However, opportunities for at-risk youth from disadvantaged socio-economic backgrounds are scarce. This year the JCF provided $235,000 to support five programs that that address the needs of both at-risk youth and entire communities; current recommendations would provide $305,000 in continued funding. One example is Maase: Afak – Volunteering and Year of Service for Arab Israelis.
Maase: Afak – Volunteering and Year of Service for Arab Israelis
The degree of socio-economic mobility in Israel is one of the lowest in the western world. This is very evident in the large and growing social gaps between the periphery and center of the country. The accessibility of young people from the periphery to volunteer service year programs in Israel is extremely limited and very few participate in them (more than 90% of the participants come from high socio-economic backgrounds). In addition, the prevailing approach of most of the programs working in the periphery is one of care-giving, stigmatizing and weakening the youth. Consequently, there are very few mechanisms that foster local young leadership in the periphery.
Afak aims to promote socio-economic mobility, community involvement and an equal and just civil society in Israel through a yearlong volunteering program for Arab-Israeli young adults.

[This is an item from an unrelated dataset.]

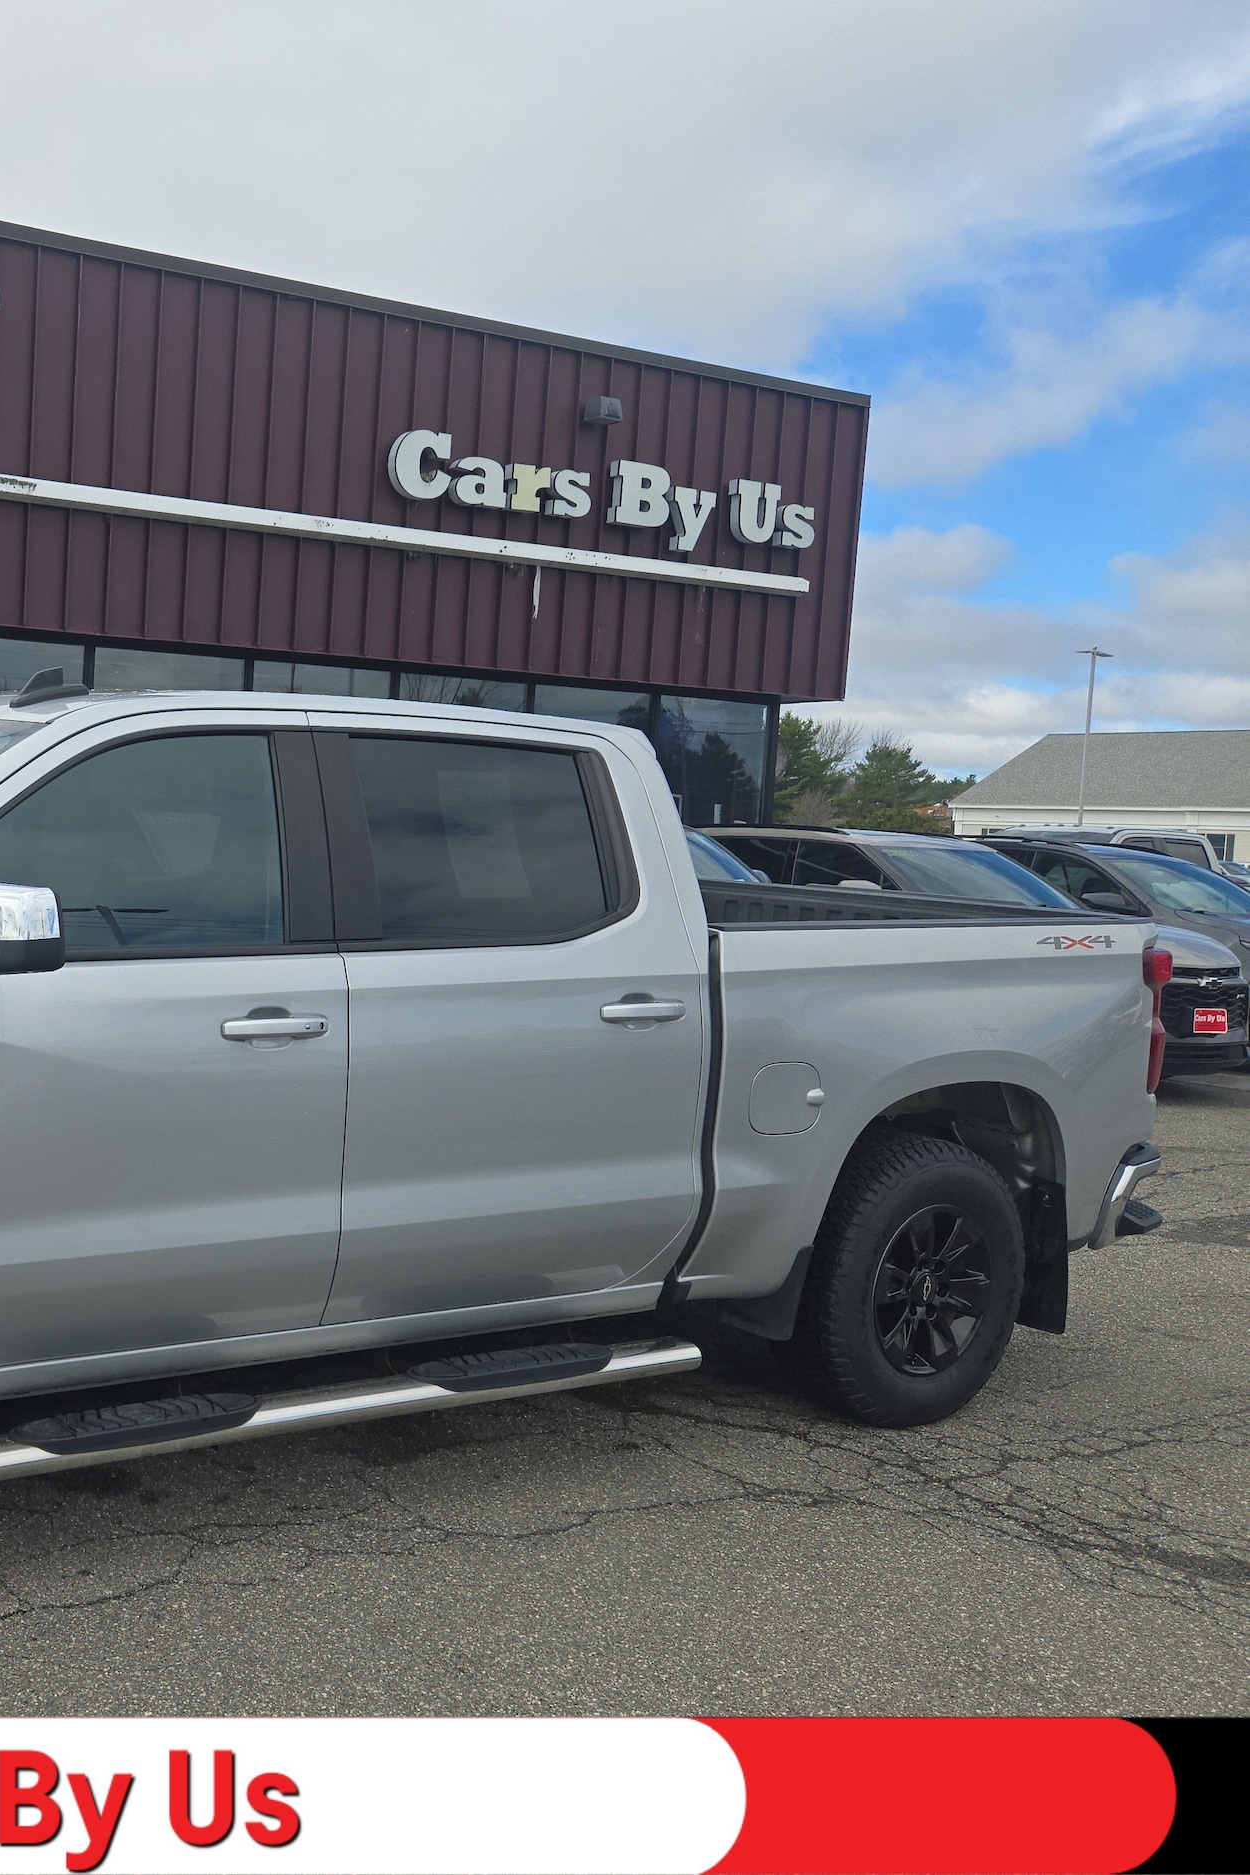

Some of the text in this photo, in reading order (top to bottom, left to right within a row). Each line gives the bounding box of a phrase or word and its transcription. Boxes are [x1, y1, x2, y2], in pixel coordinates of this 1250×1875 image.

[388, 428, 816, 552] Cars By Us

The underlying rationale for the program is based on the empirically tested paradigm, indicating that volunteerism is an effective method of empowering young adults and creating opportunities for social mobility for those who lack them. The volunteer activity takes place in the volunteers' home communities and consists of three main components: (1) Volunteering in educational frameworks after receiving intensive training; (2) leadership training and multicultural encounters, and (3) education and career development.